▶ DIRECTIONS FOR THIS TASK
Please print the listing that follows word for word, but skip any pictures it holds.

Segment Start: DATA FOR ANALYSIS

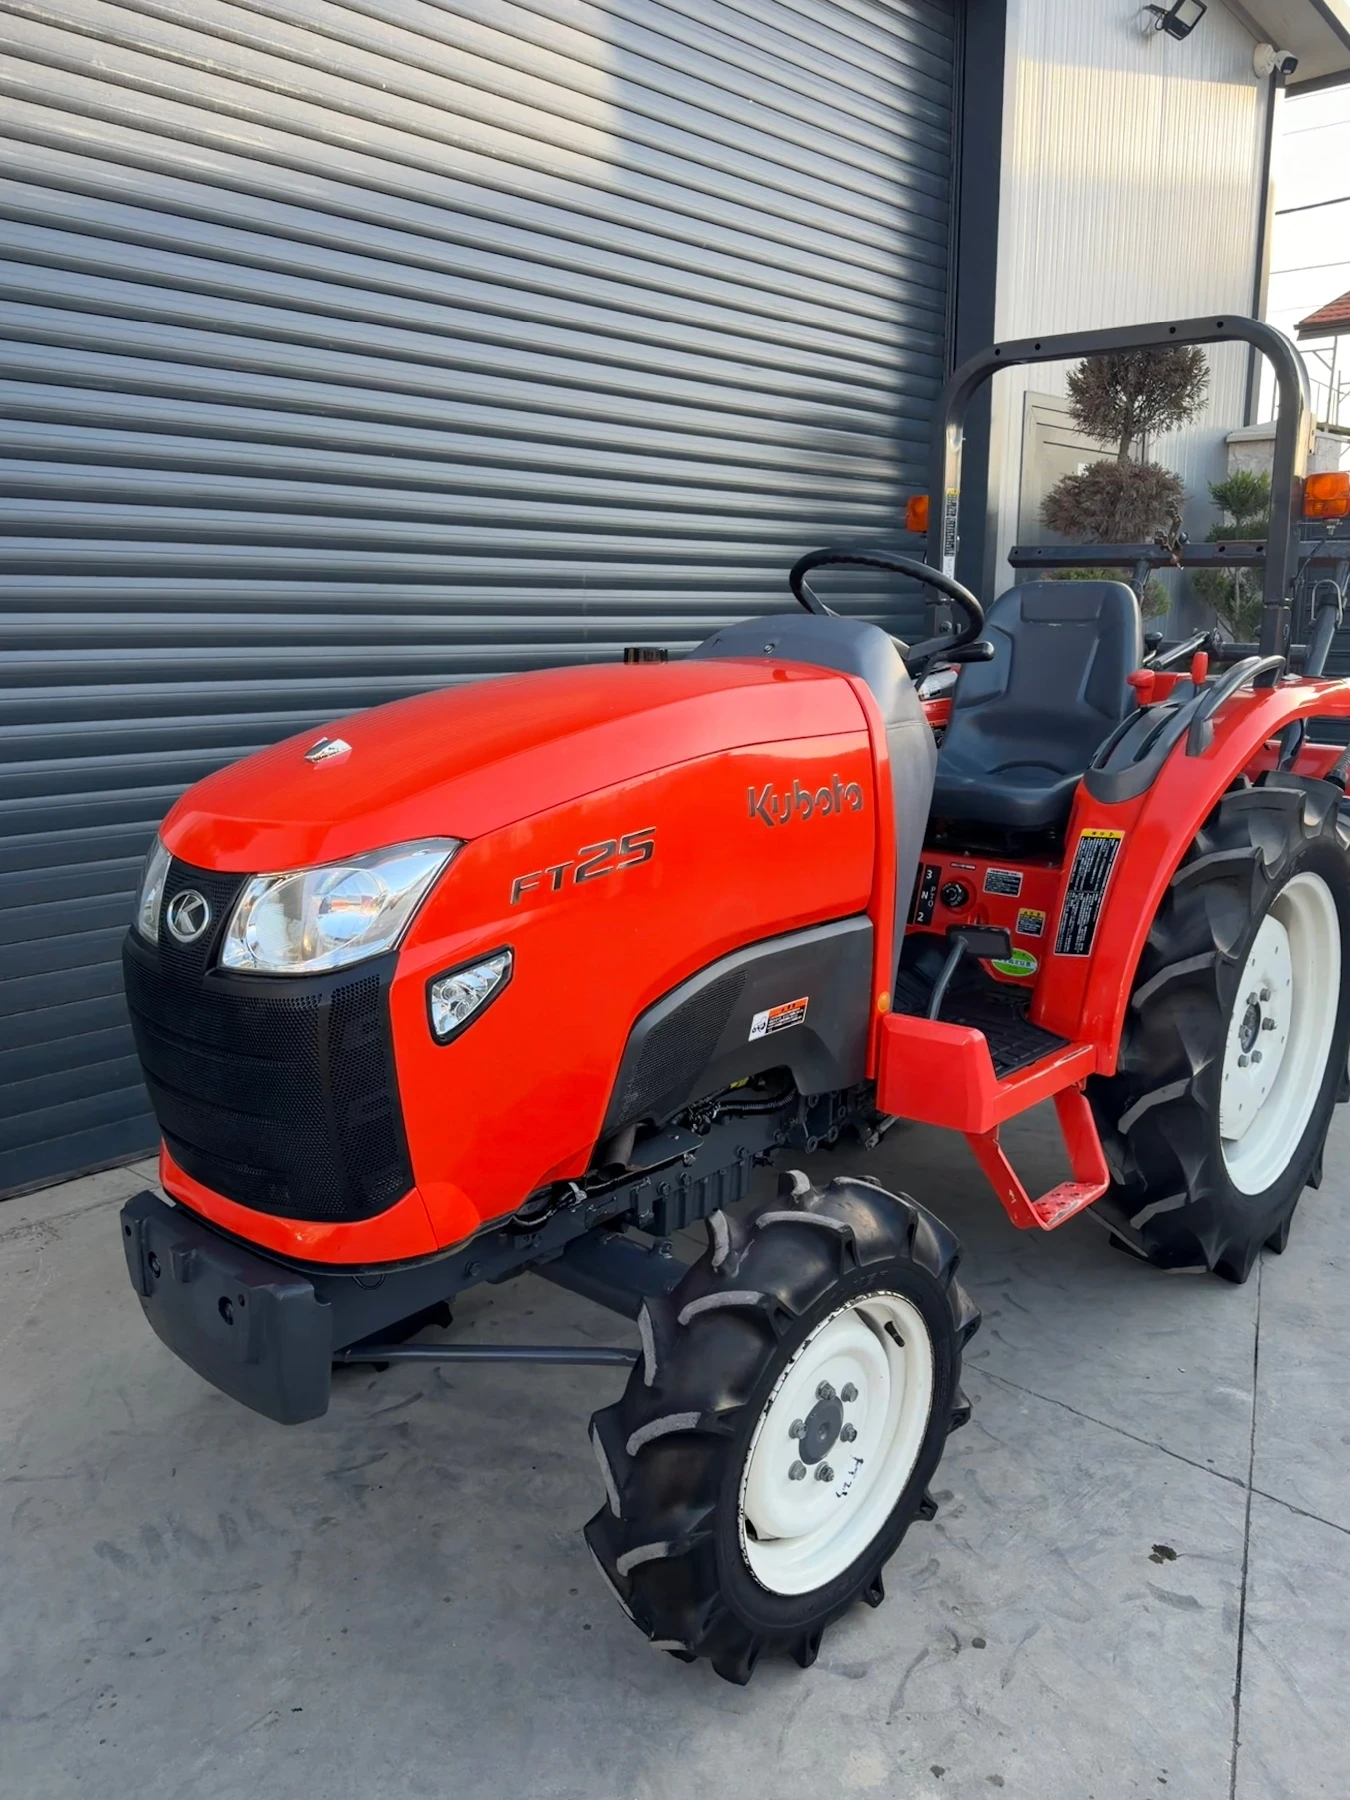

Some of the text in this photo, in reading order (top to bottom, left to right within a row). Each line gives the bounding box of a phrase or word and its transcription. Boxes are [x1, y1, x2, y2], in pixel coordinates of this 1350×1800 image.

[748, 773, 864, 828] Kubota
[510, 826, 657, 905] FT25
[926, 869, 933, 879] 3
[921, 891, 929, 899] N
[917, 911, 924, 922] 2

Segment End: DATA FOR ANALYSIS

▶ THE COMPLETED TASK
Some of the text in this photo, in reading order (top to bottom, left to right within a row). Each line gives the bounding box of a phrase or word and its transcription. Boxes are [x1, y1, x2, y2], in pixel coordinates of this 1350×1800 image.

[748, 773, 864, 828] Kubota
[510, 826, 657, 905] FT25
[926, 869, 933, 879] 3
[921, 891, 929, 899] N
[917, 911, 924, 922] 2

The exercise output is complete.